Anyone reading these pages is likely going through a tough time. Things have not worked out as they were planned and as you envisioned. Maybe the divorce is over, perhaps even years ago, but problems remain that still need to be worked out. We know and understand what you are going through.
If you are contemplating a divorce or believe your spouse is heading in that direction, take some time to reflect before charging ahead. Gain a higher perspective for a moment. Consider carefully your next step and how you will approach it. We will listen to you, walk you through the process, explain how the law applies to your situation and represent you during your case. We will be there for you during the process of divorce and, if needed, the things that must be handled after it. You are the one who will live the journey and continue on after the process is completed.
In the roller coaster of emotions (be they anger, sadness or whatever), it is easy to lose perspective, and it can be easy to be driven and controlled by those emotions. Your attorneys will not be so emotionally invested … and that is a good thing. You need someone to provide guidance in the tempest who is not subject to being tossed about by the wind and the waves.

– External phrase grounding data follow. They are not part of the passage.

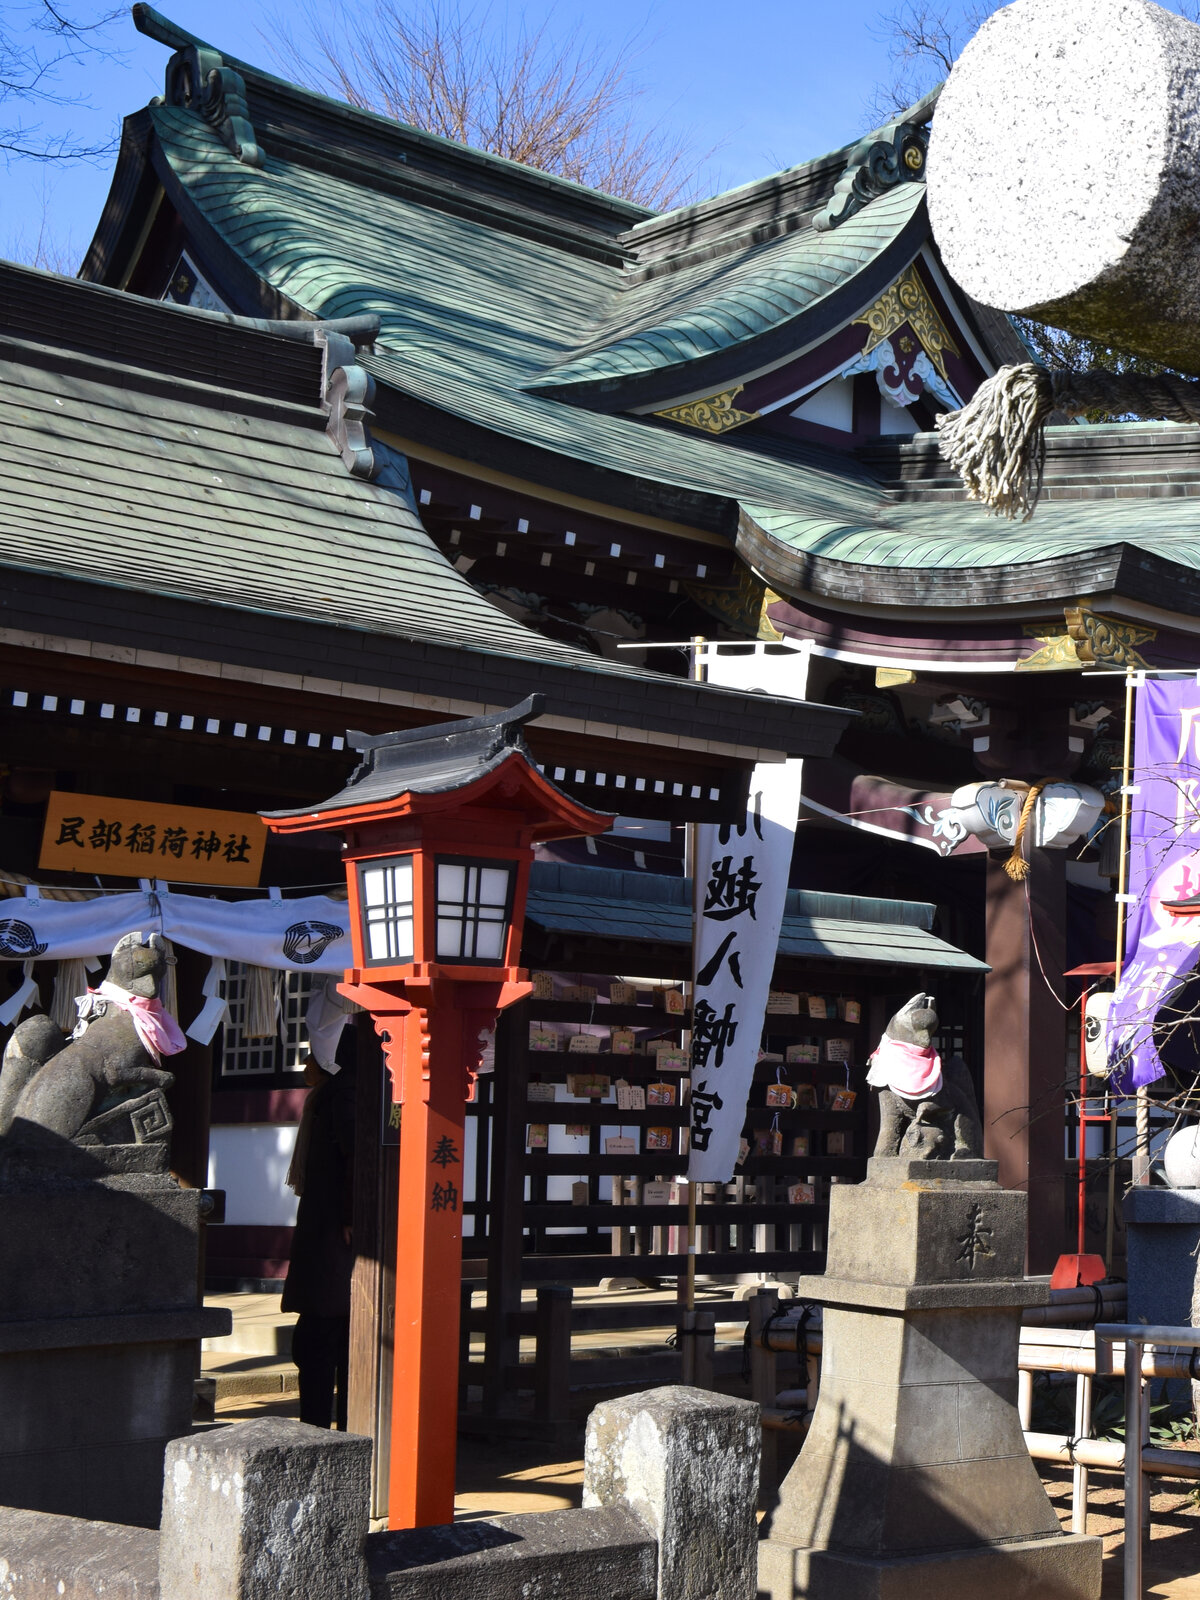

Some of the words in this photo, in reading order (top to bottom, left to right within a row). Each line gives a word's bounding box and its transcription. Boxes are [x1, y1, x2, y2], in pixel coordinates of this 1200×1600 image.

[55, 816, 252, 863] 民部稲荷神社
[430, 1135, 460, 1212] 奉納
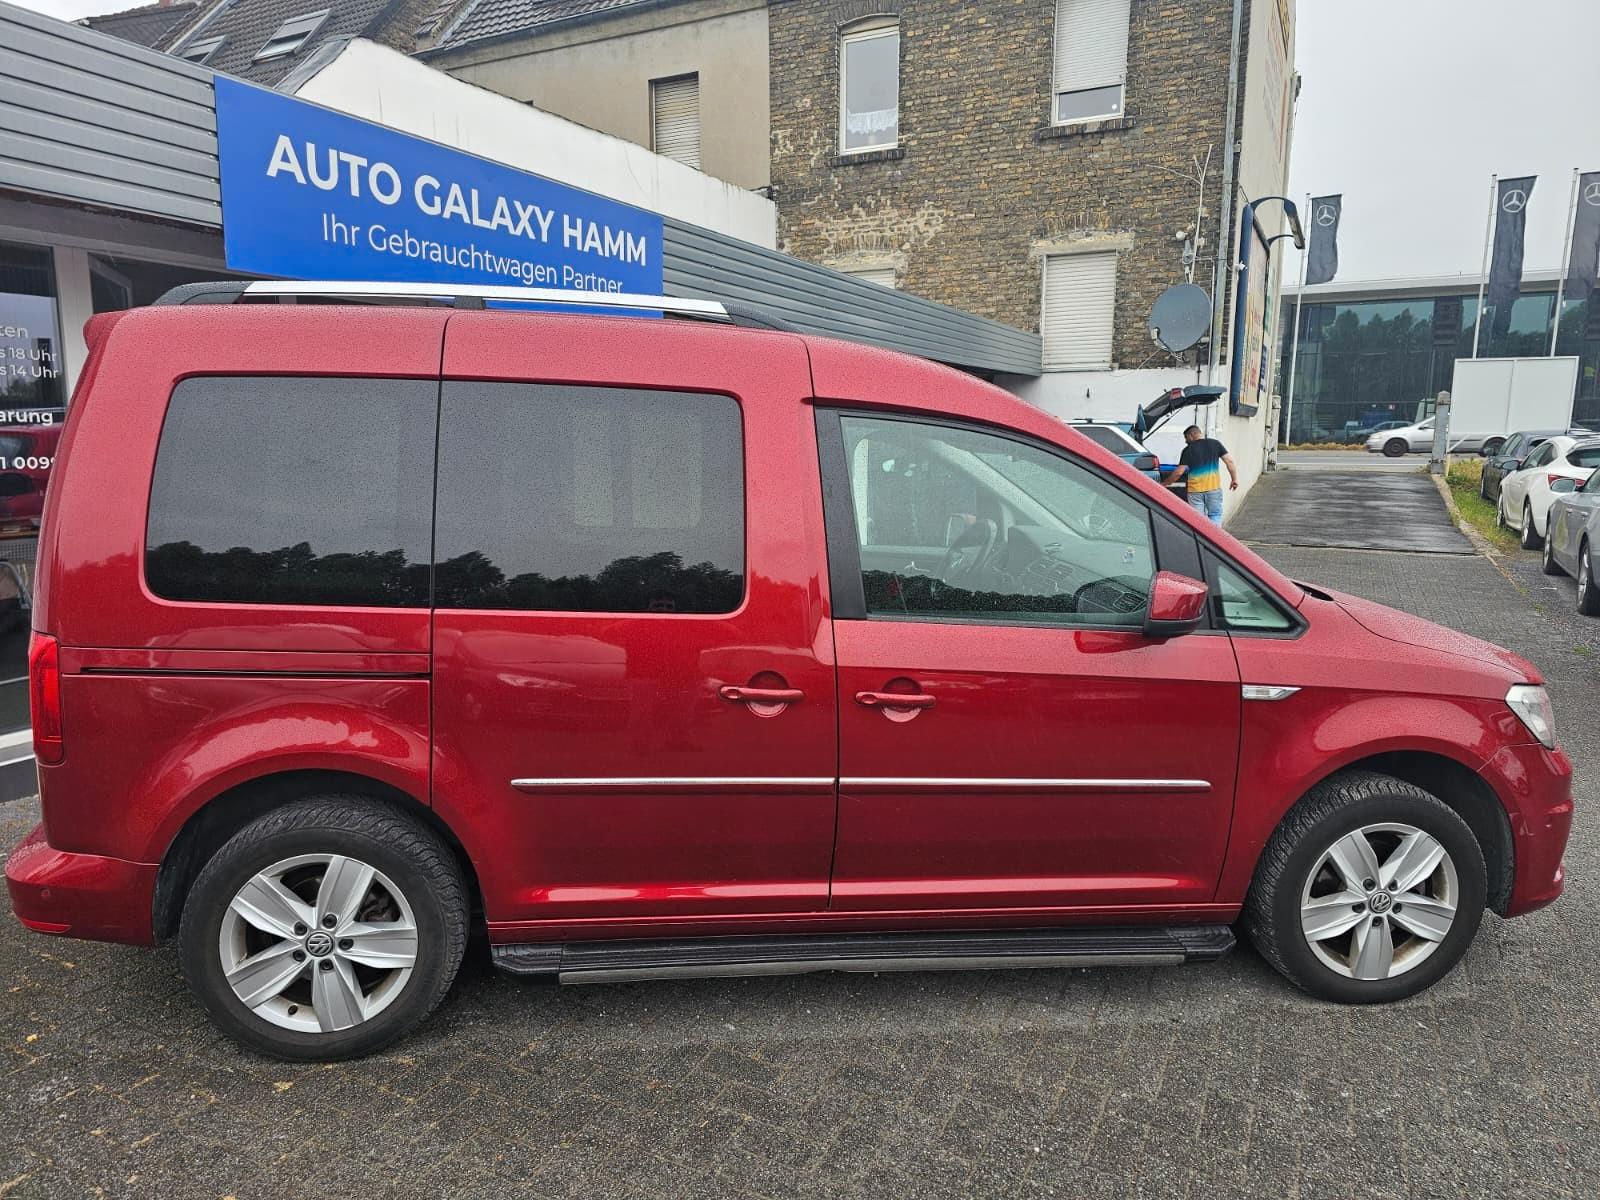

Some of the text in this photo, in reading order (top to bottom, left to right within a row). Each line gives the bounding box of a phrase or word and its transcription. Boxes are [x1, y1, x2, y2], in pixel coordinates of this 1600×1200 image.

[266, 134, 647, 266] AUTO GALAXY HAMM
[323, 213, 624, 294] Ihr Gebrauchtwagen Partner
[9, 346, 26, 360] 18
[30, 349, 57, 362] Uhr
[10, 364, 27, 377] 14
[31, 365, 58, 379] Uhr

We are not marriage counselors. We will listen, but we cannot fix what went wrong with the marriage; we cannot change your spouse; we are not trained in helping people deal with those things from a psychological or emotional perspective. We will stand with you. We will protect you. We will represent your best interests. We will help you to put your best foot forward.
We do not control the law, and we do not control the final decisions that are made in the process. Unless you can reach a settlement position with your spouse or ex-spouse, the ultimate decisions will be made by a judge. We believe that settlement is the first and best option. (If you have not read the higher perspective link above, now would be a good time.) Settlement puts you in more control of your destiny than leaving the decisions up to the judge. Settlement allows you and your spouse/ex-spouse to complete the divorce (or post judgment matter) while remaining civil.

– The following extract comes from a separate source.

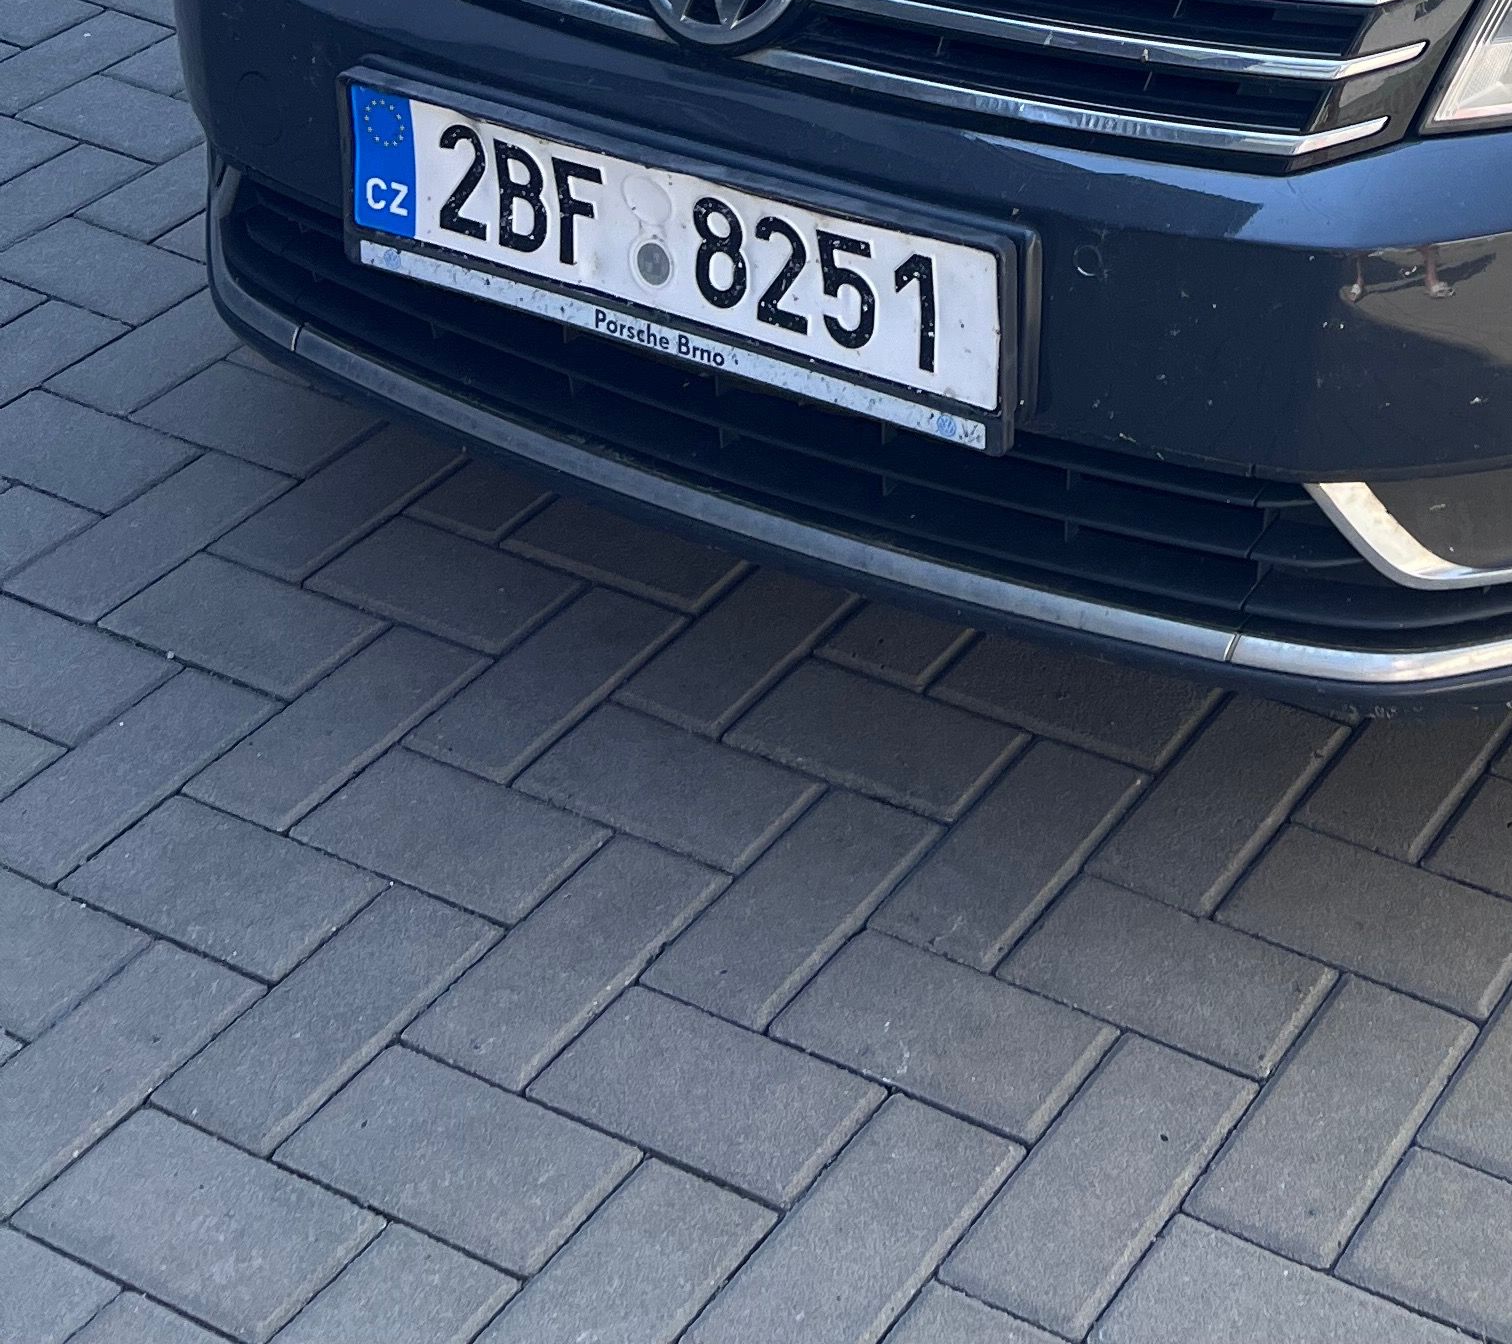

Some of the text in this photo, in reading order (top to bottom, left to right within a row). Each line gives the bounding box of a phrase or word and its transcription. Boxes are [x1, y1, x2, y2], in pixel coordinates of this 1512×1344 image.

[366, 178, 408, 216] CZ
[439, 124, 935, 373] 2BF 8251
[595, 309, 725, 367] Porsche Brno

When there are kids involved, the relationship does not end with the divorce. You will always be your children’s parents. Like it or not, that “bum” or “witch” is your childrens’ father or mother. You will still have contact, and your future peace and happiness will still be linked together to some degree.

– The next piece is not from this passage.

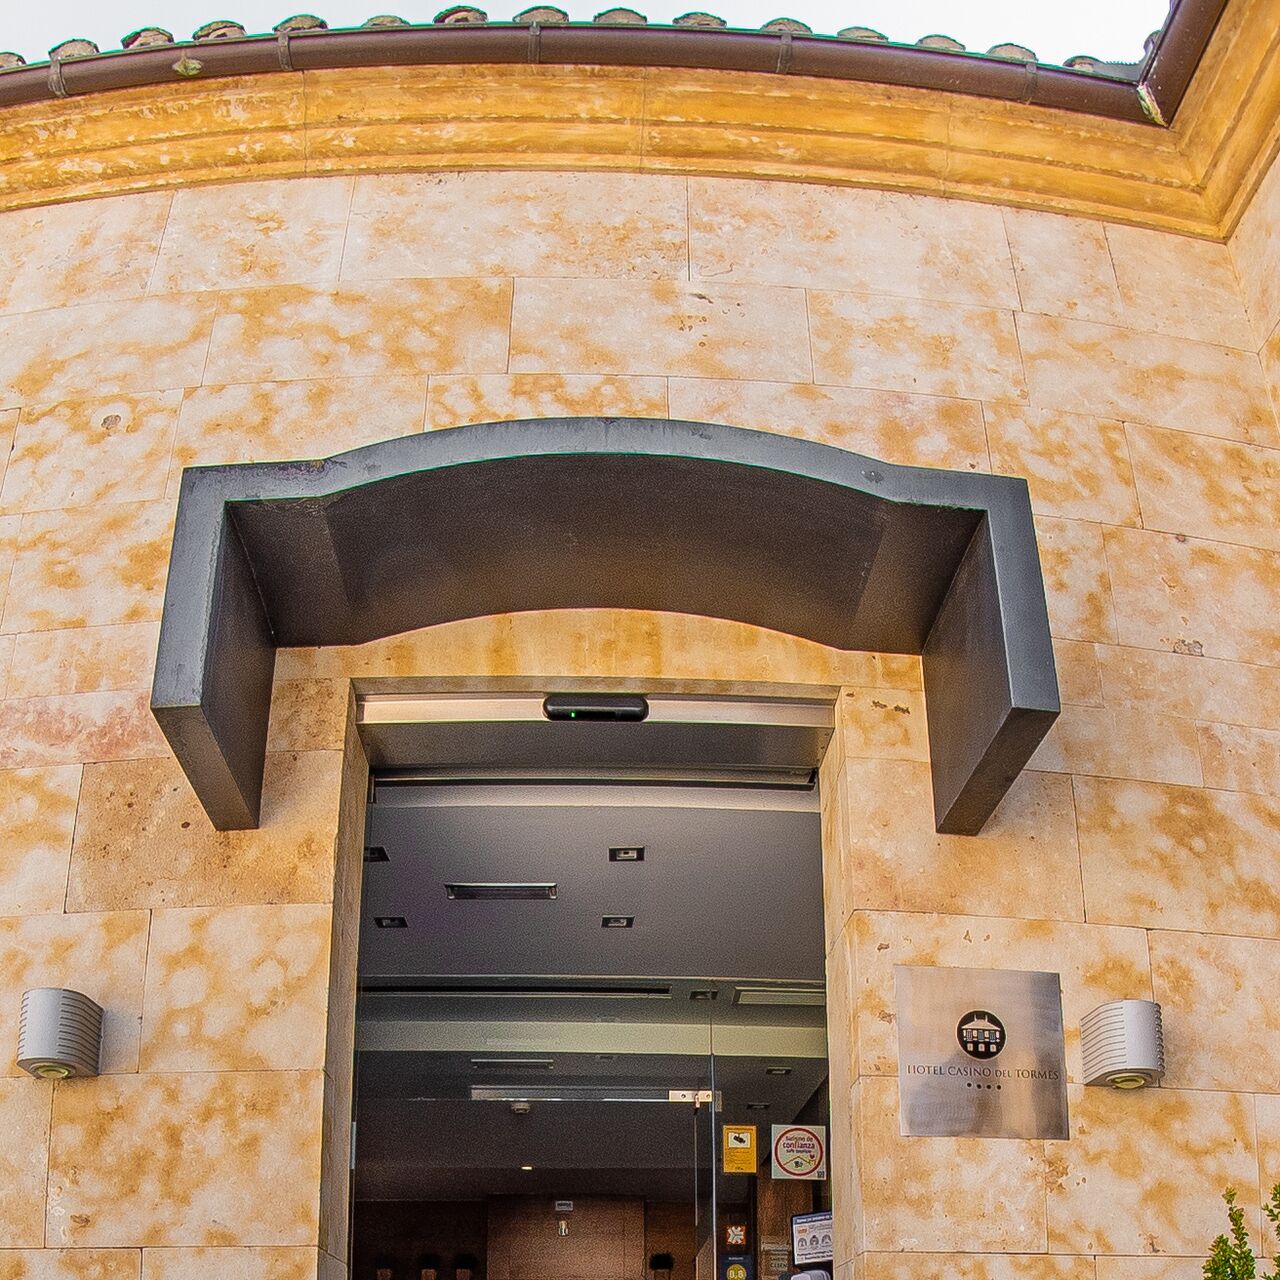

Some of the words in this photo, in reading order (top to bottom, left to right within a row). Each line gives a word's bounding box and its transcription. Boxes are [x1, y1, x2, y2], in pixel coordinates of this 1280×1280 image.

We will be as aggressive and tough as we need to be, but only if it is in our clients’ best interests. Sometimes there is no choice. In abusive relationships, when the other spouse is seeking to do harm physically, emotionally, financially or otherwise, we fight for our clients and protect them. Sometimes, however, fighting every little thing is counterproductive and only benefits the attorneys who make money from the fight. We are not going to give away our time and counsel for nothing, but we realize that short term monetary gain for us is not worth the longterm damage to our reputation or the reputation of the profession. Therefore, our aim is to protect the best interests of our clients and serve them well above all things. If we can settle a matter quickly without sacrificing other things and keep the cost down, we know that the good will we have with our clients will mean referrals and more business in the future.
We handle all aspects of Family Law – divorce, legal separation, child custody, child support, spousal support (maintenance/alimony), contribution to college expenses, domestic violence order of protection, and everything under the Family Sun. We also handle pre-nuptial agreements and post nuptial agreements, estate planning to protect non-marital assets and many other things. We handle guardianship and adoptions and grandparents’ rights as well.
We do not just dabble in Family Law. Family Law is our main area of practice.